- _Data excerpts_

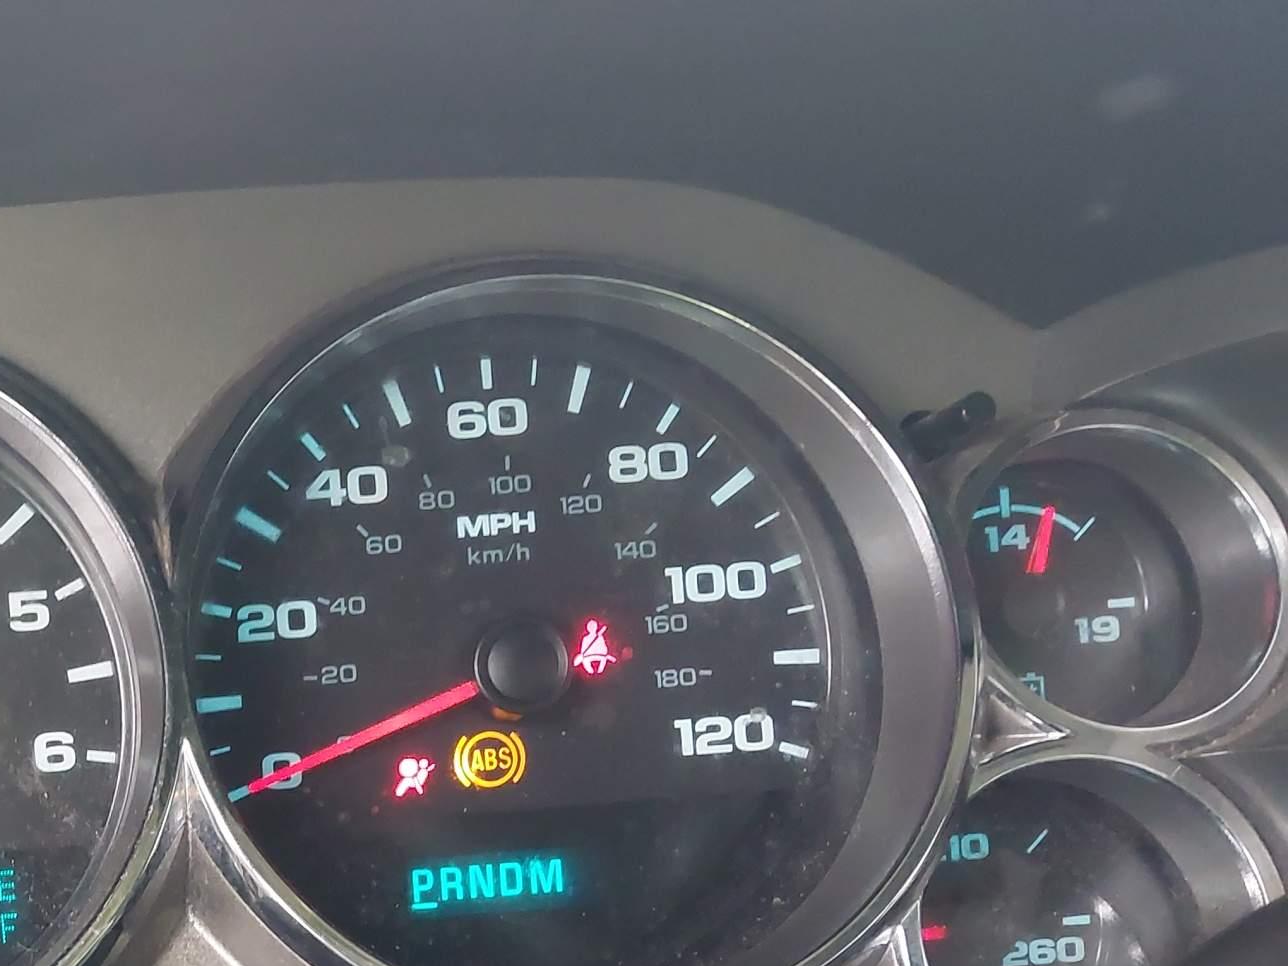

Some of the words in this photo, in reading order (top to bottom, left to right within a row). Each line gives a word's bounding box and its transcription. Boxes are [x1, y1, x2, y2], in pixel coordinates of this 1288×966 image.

[445, 397, 530, 440] 60
[607, 440, 690, 484] 80
[304, 464, 390, 508] 40
[417, 488, 457, 511] 80
[487, 473, 533, 496] 100
[558, 492, 604, 516] 120
[455, 510, 538, 540] MPH
[983, 525, 1031, 553] 14
[364, 532, 404, 556] 60
[465, 543, 532, 568] km/h
[614, 539, 658, 562] 140
[663, 560, 769, 605] 100
[7, 589, 51, 632] 5
[234, 599, 319, 643] 20
[327, 595, 368, 618] 40
[644, 612, 690, 636] 160
[1073, 615, 1122, 645] 19
[319, 663, 359, 687] 20
[654, 666, 698, 690] 180
[673, 712, 774, 757] 120
[32, 730, 76, 774] 6
[470, 743, 514, 774] ABS
[262, 751, 304, 790] 0
[940, 832, 990, 862] 10
[411, 857, 565, 906] PRNDM
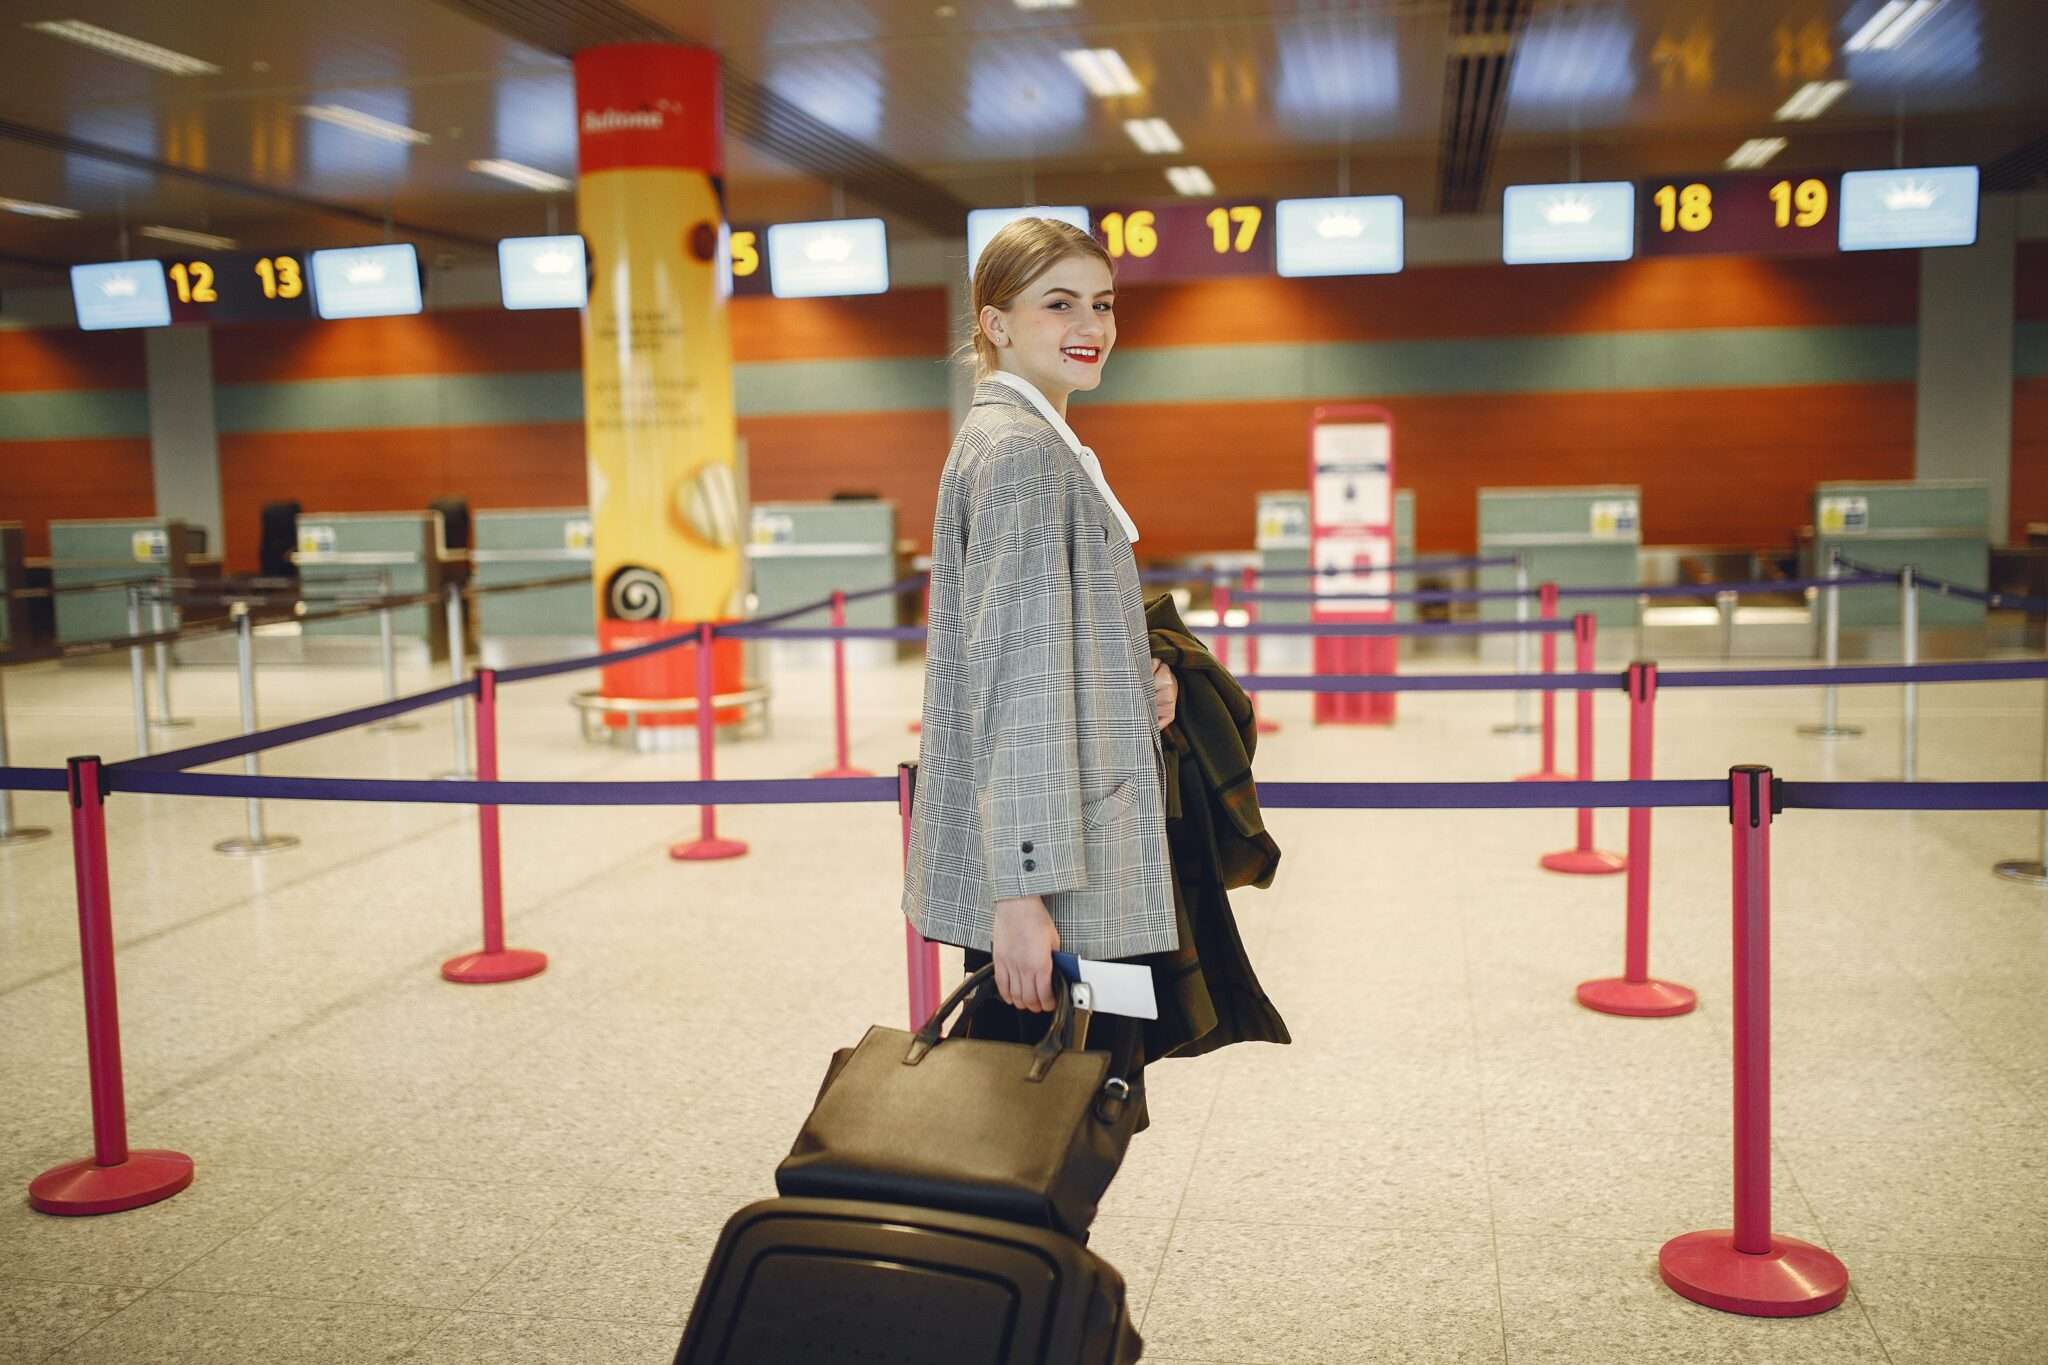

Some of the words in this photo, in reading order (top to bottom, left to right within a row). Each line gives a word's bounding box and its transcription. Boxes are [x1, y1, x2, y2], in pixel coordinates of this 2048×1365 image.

- _Task statement_
Give back the listing exactly, with the pictures removed.

- _Result_
Some of the words in this photo, in reading order (top to bottom, left to right within a row). Each line gives a word's bounding box and its transcription. Boxes are [x1, y1, x2, y2], in pixel coordinates of this 1288×966 image.

[445, 397, 530, 440] 60
[607, 440, 690, 484] 80
[304, 464, 390, 508] 40
[417, 488, 457, 511] 80
[487, 473, 533, 496] 100
[558, 492, 604, 516] 120
[455, 510, 538, 540] MPH
[983, 525, 1031, 553] 14
[364, 532, 404, 556] 60
[465, 543, 532, 568] km/h
[614, 539, 658, 562] 140
[663, 560, 769, 605] 100
[7, 589, 51, 632] 5
[234, 599, 319, 643] 20
[327, 595, 368, 618] 40
[644, 612, 690, 636] 160
[1073, 615, 1122, 645] 19
[319, 663, 359, 687] 20
[654, 666, 698, 690] 180
[673, 712, 774, 757] 120
[32, 730, 76, 774] 6
[470, 743, 514, 774] ABS
[262, 751, 304, 790] 0
[940, 832, 990, 862] 10
[411, 857, 565, 906] PRNDM

Some of the words in this photo, in reading order (top to bottom, left to right within a row). Each line gives a word's bounding box and its transcription. Boxes are [x1, y1, x2, y2], in pixel coordinates of this 2048×1365 image.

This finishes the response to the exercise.